Housebuilder says ‘substantial majority’ of customers have converted to RPI-based leases
Taylor Wimpey said it would take a “modest” cash hit from the fall-out of the doubling rent leases row, which earlier this year put the housebuilder at the centre of a public relations storm.
Back in April the group announced it was making a £130m provision to cover compensation over the leases, which saw ground rent on houses it had built doubling every 10 years until the lease’s 50th year, a scenario which caused an outcry among its customer base.
But in a trading statement issued today the firm, which ranked number two in Building’s latest Top 20 UK housebuilders by turnover, said that following the conclusion of a review it had reached reach agreements with freeholders “to enable the substantial majority of its customers with a 10-year doubling lease to convert ground rent terms to an RPI-based structure”.

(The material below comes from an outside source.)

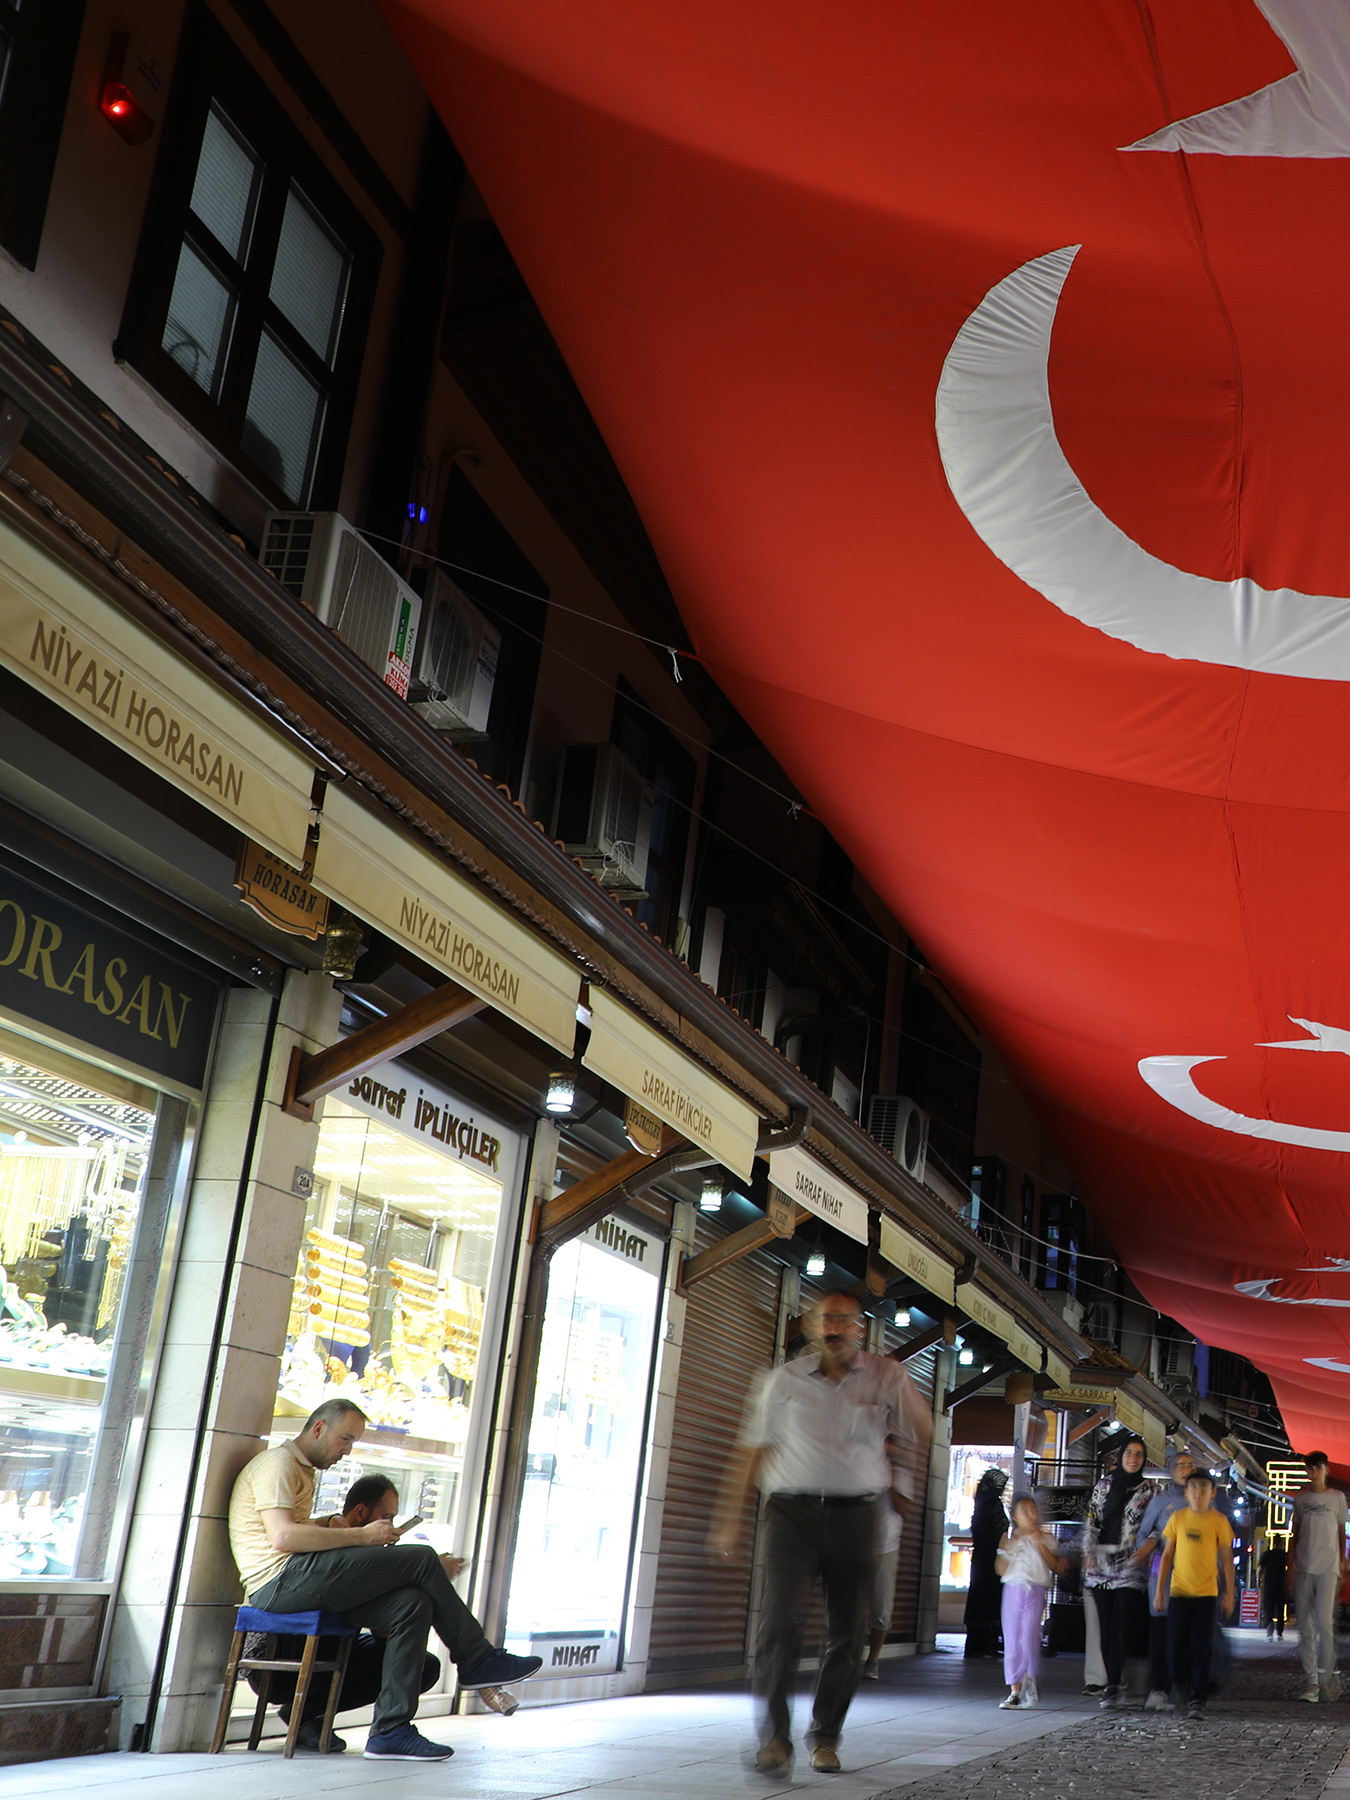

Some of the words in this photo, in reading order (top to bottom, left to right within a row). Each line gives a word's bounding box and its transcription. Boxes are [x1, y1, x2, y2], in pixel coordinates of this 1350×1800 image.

It declined to put a figure on how many doubling rent leases remained, but said it was making “good progress” towards securing agreements with other freeholders to enable their conversion to RPI, and expected “a modest cash impact in 2017, with the majority of the outflow to be spread over approximately the next two years”.
In overall trading, Taylor Wimpey said current market conditions were “favourable”, while the recent uptick in interest rates had not affected what it called “stability in trading patterns”. Sales rates per outlet per week had been 0.71 in the second half, versus 0.70 a year ago, while its order book of 8,751 units was down 3%.
The firm’s short-term landbank stood at around 80,000 plots, with its longer term holding numbering around 107,000 plots.
Build costs were expected to increase by between 3% and 4% this year, it reported, thanks to higher labour and building material costs.